Using a Logic Analyzer to Generate Screenshots from a Game Boy

Wouldn’t you like to go back to a dead handheld and extract the proof of your 90s-era high scores? Of course you would.

[svendahlstrand] bought his first logic analyzer, a Logic 8 from Saleae and decided to play around with an old Game Boy. He opened up the handheld with a tri-point screwdriver and hooked six wires up to the LCD data bus, generating screen shots from the logged data. He got screens from Solomon’s Club, Mole Mania, Kid Dracula, and more.

The first few attempts were fraught with mishap as [sven] worked to figure out the settings of his new analyzer.

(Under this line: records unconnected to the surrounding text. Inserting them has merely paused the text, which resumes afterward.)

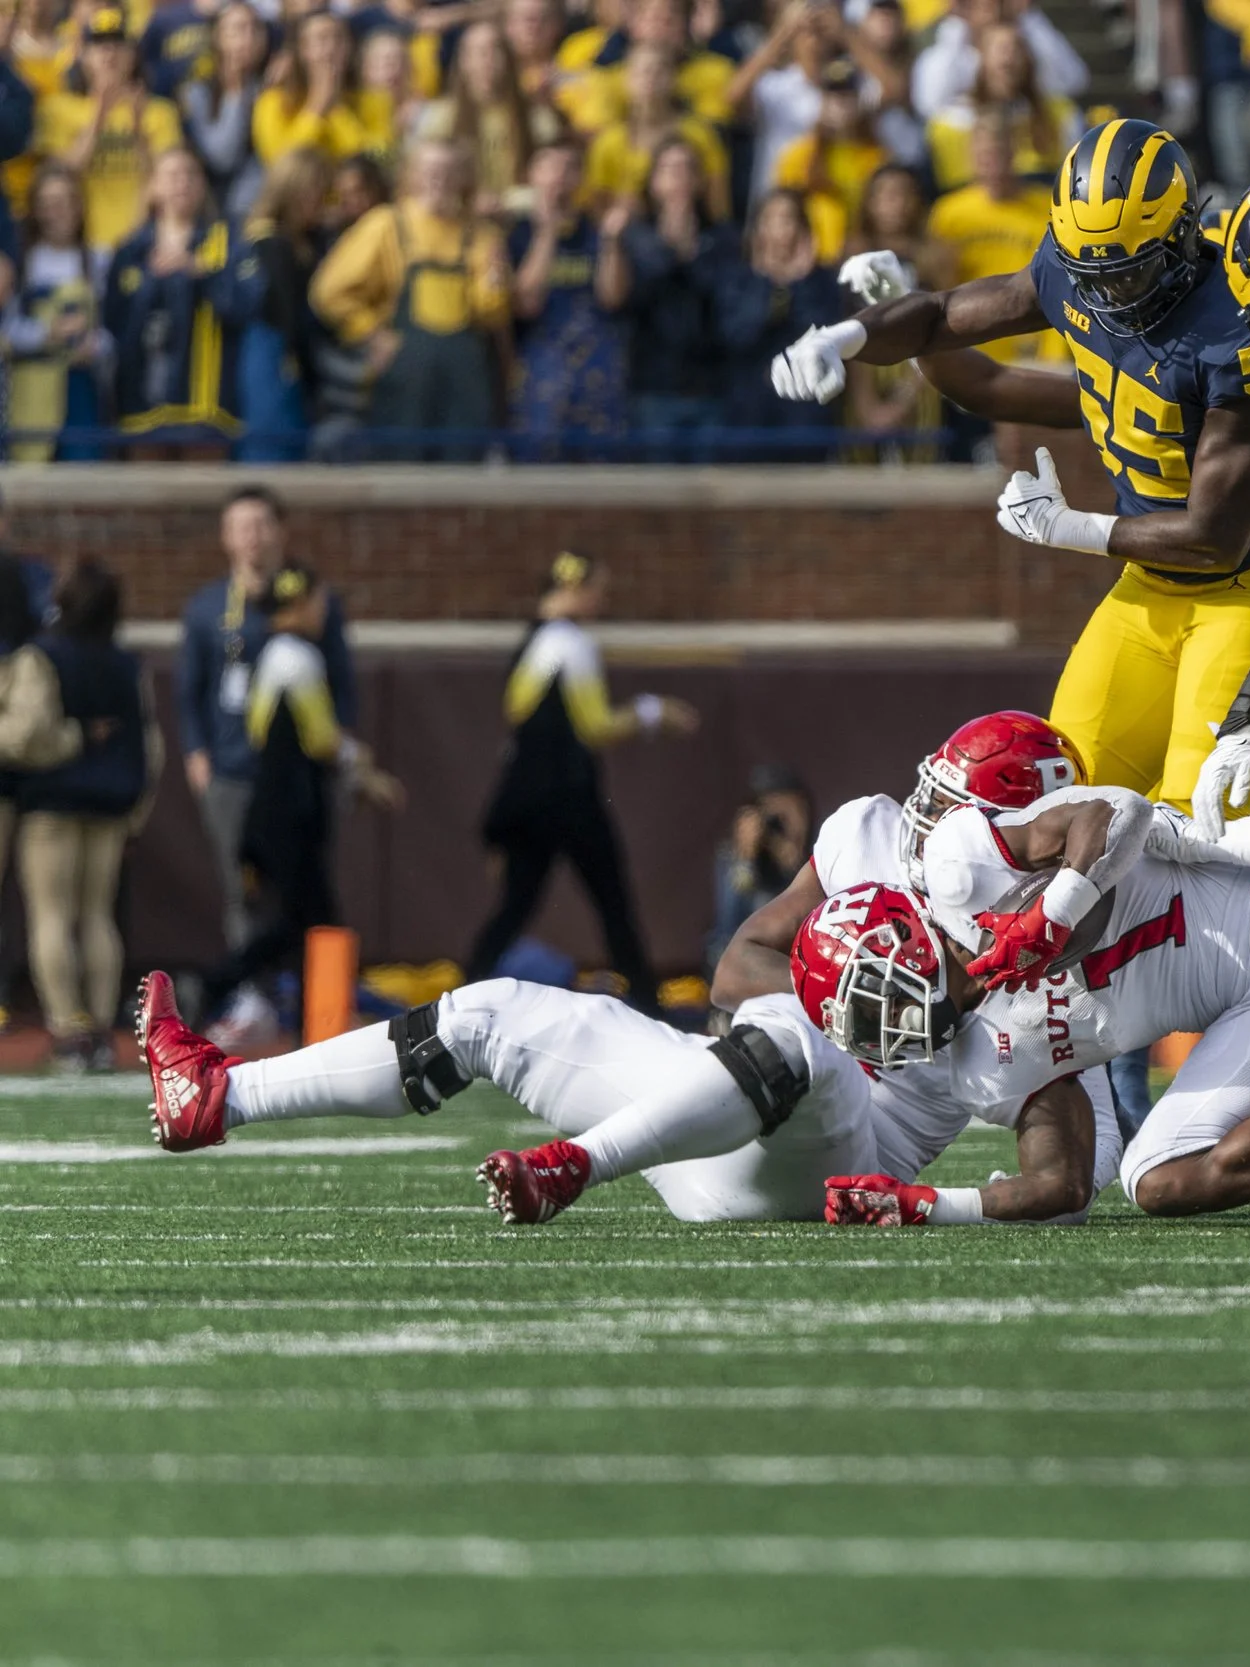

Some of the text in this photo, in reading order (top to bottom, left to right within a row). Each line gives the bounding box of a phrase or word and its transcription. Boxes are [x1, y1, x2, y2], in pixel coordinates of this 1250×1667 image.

[1092, 246, 1107, 257] M
[1064, 330, 1192, 500] 55
[813, 887, 879, 933] R
[1080, 889, 1186, 992] 1
[160, 1068, 181, 1119] adidas

In one instance he had the DATA 0 and DATA 1 signals reversed, also reversing two of the gray values. After figuring it out he posted his LCD sniffing tutorial to GitHub, where he also has a C program for manually piecing together the screen shots, pixel by pixel.

Thanks to [sven] for posting this project to our recent Everything You Need to Know About Logic Probes post.

 

 

9 thoughts on “Using a Logic Analyzer to Generate Screenshots from a Game Boy

  1. @svendahlstrand – Thanks for the well written article. A very practical example written in an easy to understand way, looking forward to you next doing this real-time and outputting via HDMI (FPGA maybe?)

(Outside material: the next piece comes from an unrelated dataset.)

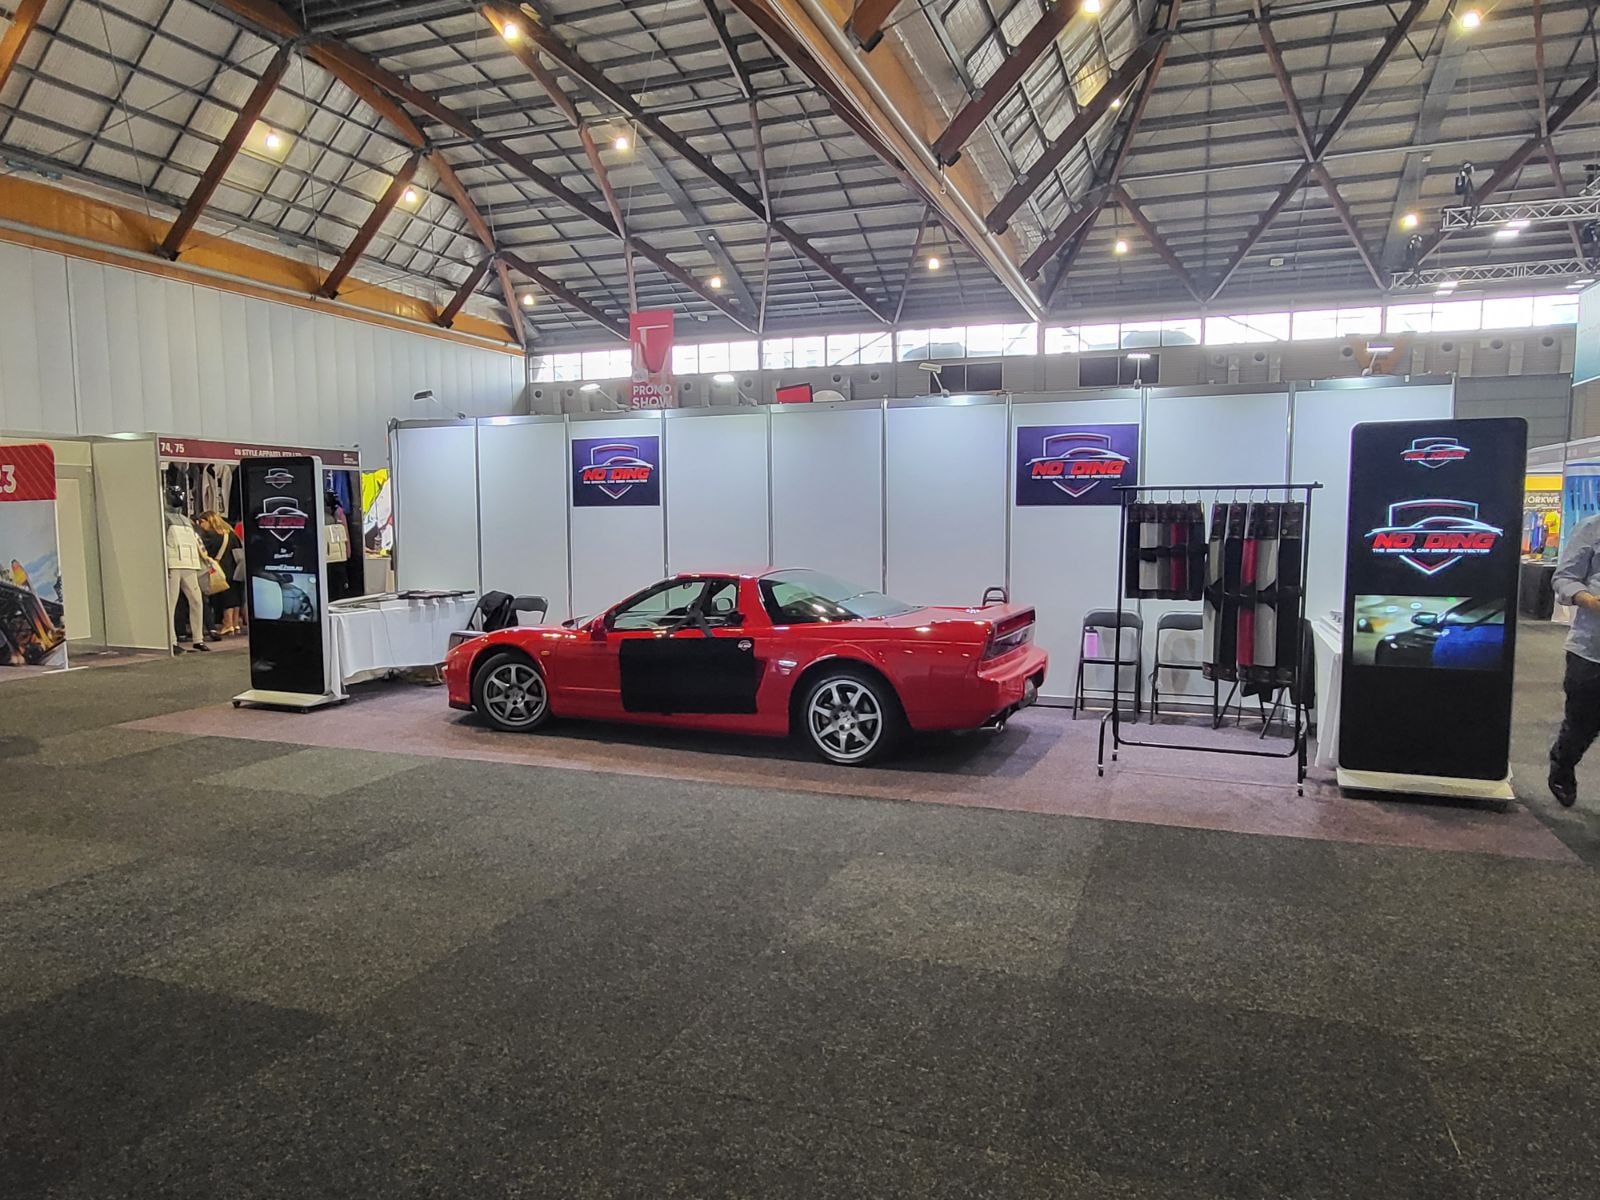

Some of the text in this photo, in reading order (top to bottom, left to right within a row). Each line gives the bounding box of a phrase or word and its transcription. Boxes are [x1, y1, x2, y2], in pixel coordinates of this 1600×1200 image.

    1. Or mono composite (maybe customization output color including original pea soup green) so one could take a working GB with bad screen and/or bad body and rebuild it into a new portable GB system with bigger screen. Old GB LCD was nice back in the day but they do suffer serious motion blur and are dependent on external light while modern $5 LCD from China doesn’t show motion blur and has built in backlight.

      1. Certainly doable, I did this myself a year or two ago for the Arduino-based “Gamebuino” handheld console so I could play the games on a regular TV. The Gamebuino communicates with its PCD8544 over the SPI bus, which also happens to be conveniently exposed externally so that the ATMEGA328P can be programmed with a hardware programmer. All I needed to do was sniff the raw LCD packets on this port and generate a composite video signal from them. Timing was extremely tight on that particular implementation because I was using an Arduino Uno (ergo the port had to be polled simultaneously to the PAL signal generation), but even a very low-level FPGA would have made the whole task much easier.